WHAT YOU WILL DO:
Please restate the records below verbatim, omitting every image they hold.

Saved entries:
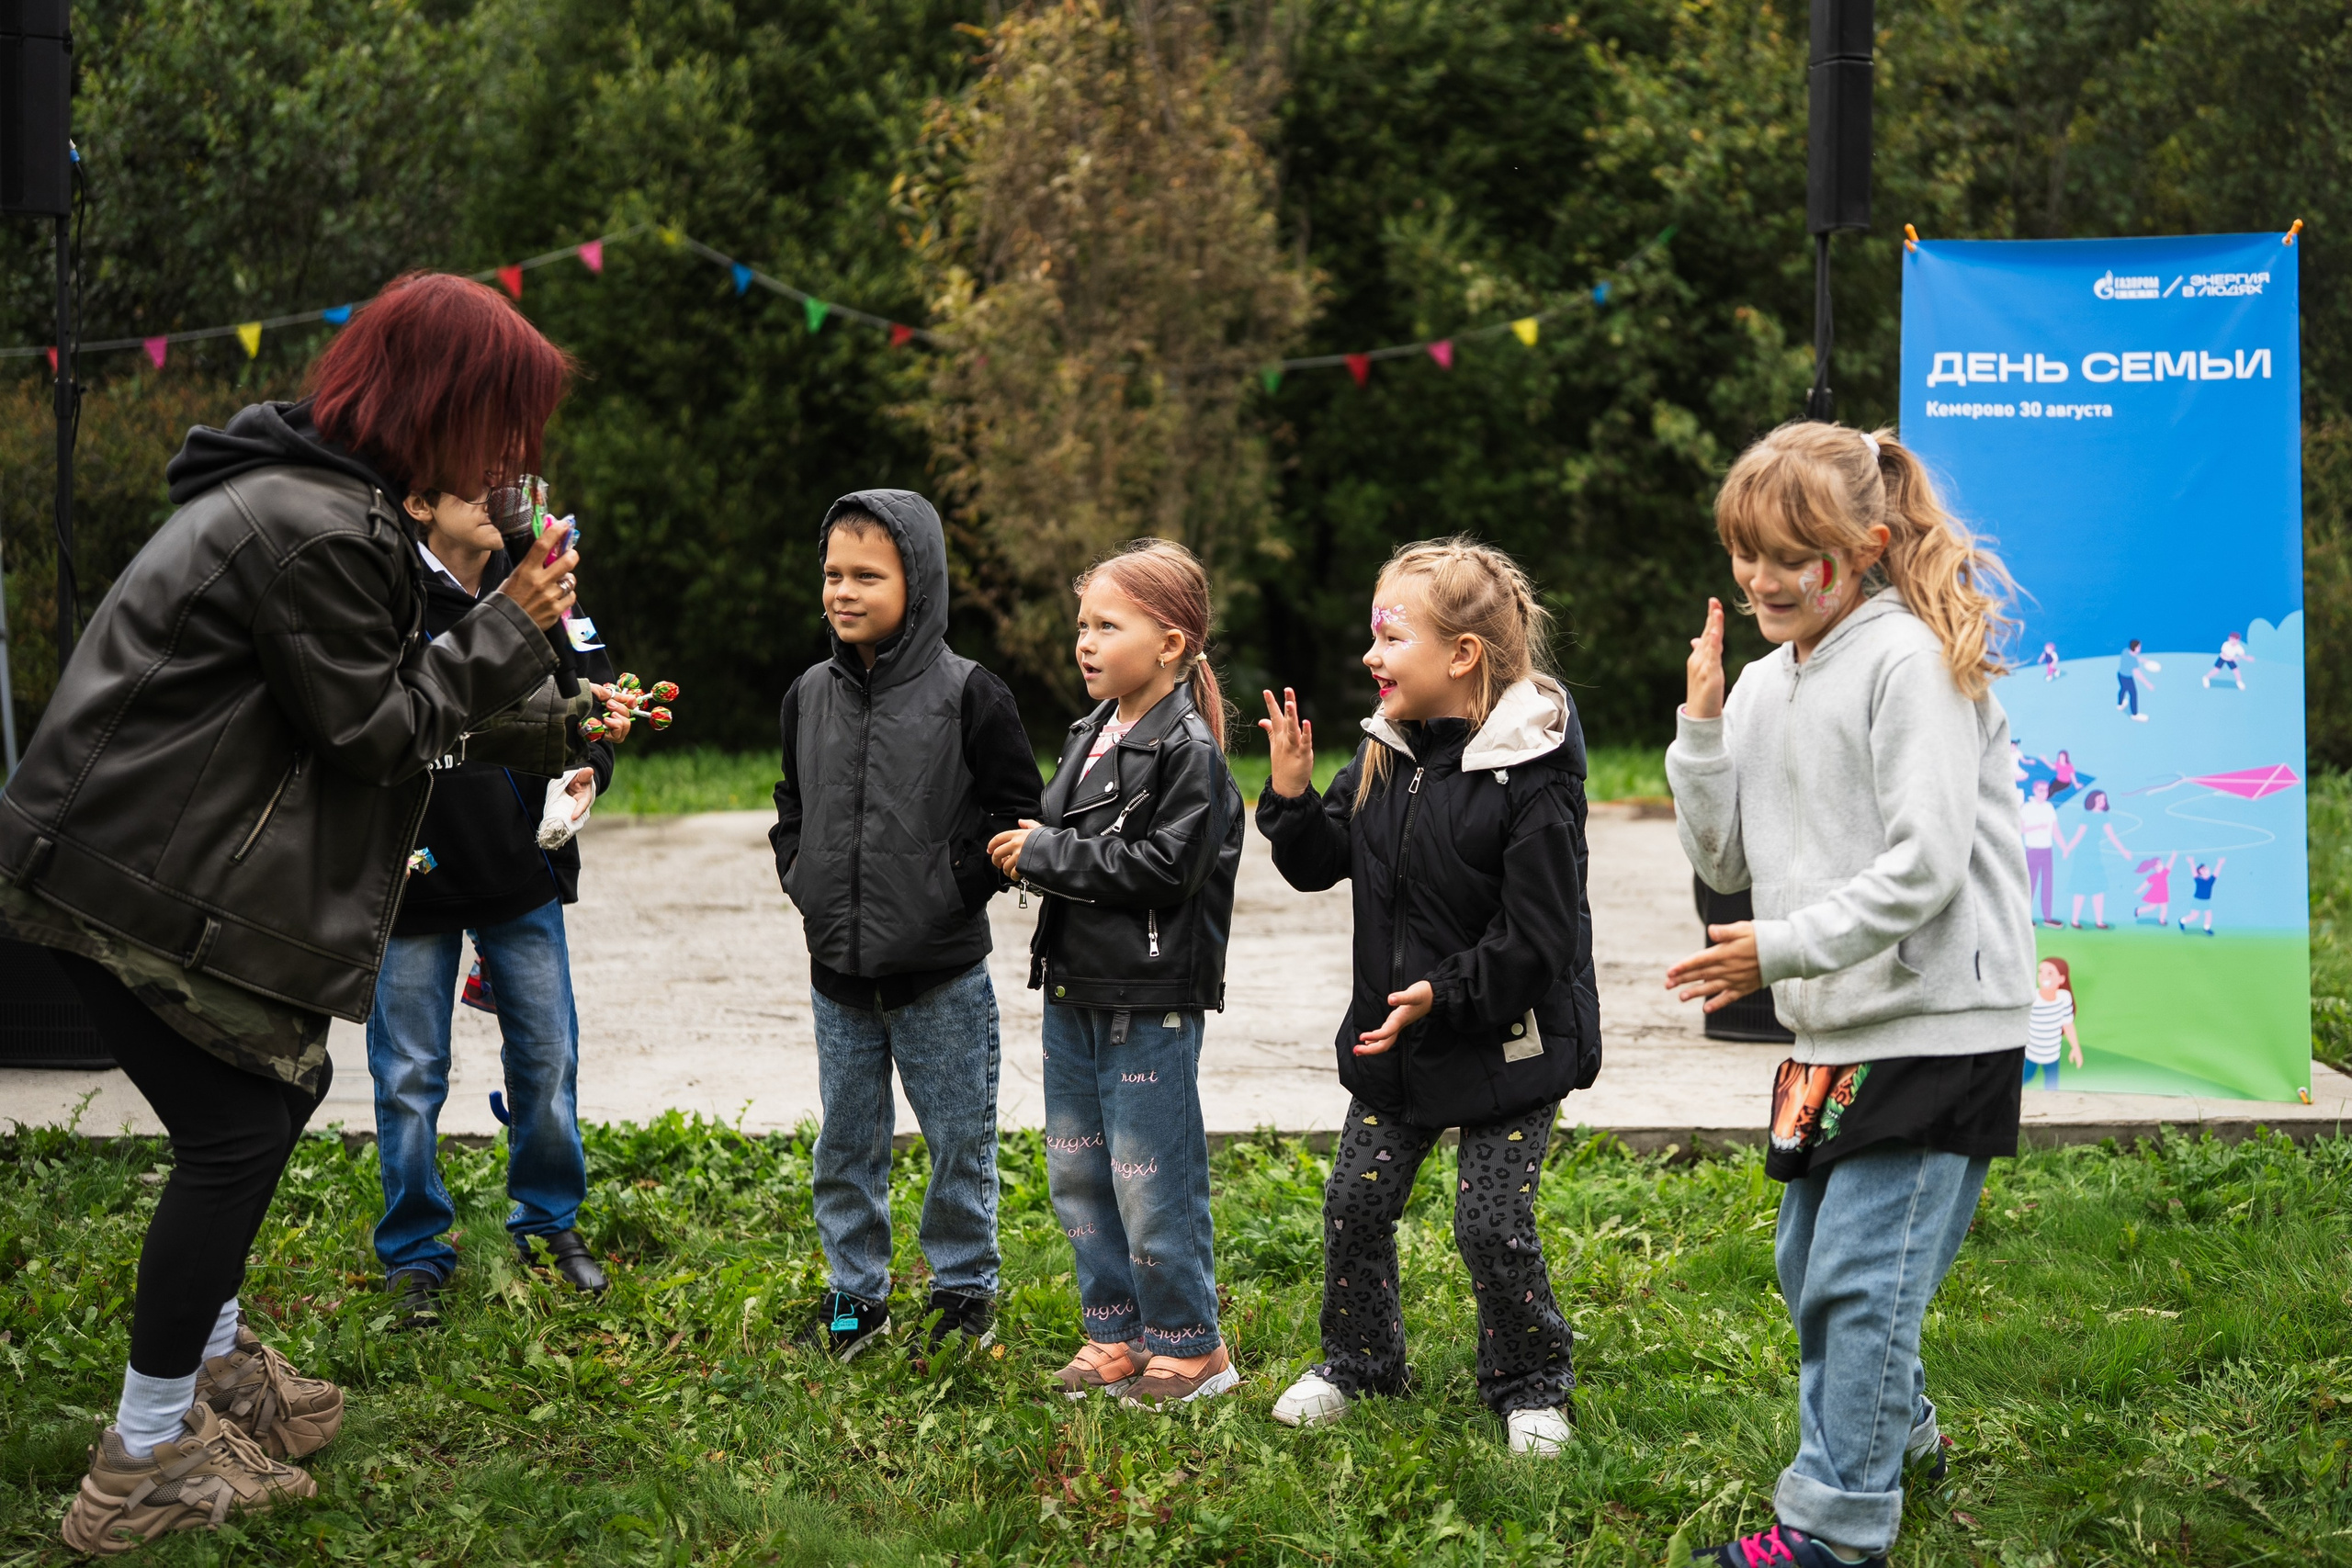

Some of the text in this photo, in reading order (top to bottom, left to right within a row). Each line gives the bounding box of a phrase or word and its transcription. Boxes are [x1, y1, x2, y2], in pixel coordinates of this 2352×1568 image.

[2189, 272, 2270, 287] ЭНЕРГИЯ
[2182, 284, 2263, 298] В ЛЮДЯХ
[1927, 348, 2272, 388] ДЕНЬ СЕМЬИ
[1926, 400, 2112, 421] Кемерово 30 августа
[1046, 1132, 1103, 1154] engxi
[1068, 1222, 1096, 1238] ont
[1081, 1298, 1134, 1321] ngxi

RESPONSE:
Some of the text in this photo, in reading order (top to bottom, left to right within a row). Each line gives the bounding box of a phrase or word and its transcription. Boxes are [x1, y1, x2, y2], in pixel coordinates of this 2352×1568 image.

[2189, 272, 2270, 287] ЭНЕРГИЯ
[2182, 284, 2263, 298] В ЛЮДЯХ
[1927, 348, 2272, 388] ДЕНЬ СЕМЬИ
[1926, 400, 2112, 421] Кемерово 30 августа
[1046, 1132, 1103, 1154] engxi
[1068, 1222, 1096, 1238] ont
[1081, 1298, 1134, 1321] ngxi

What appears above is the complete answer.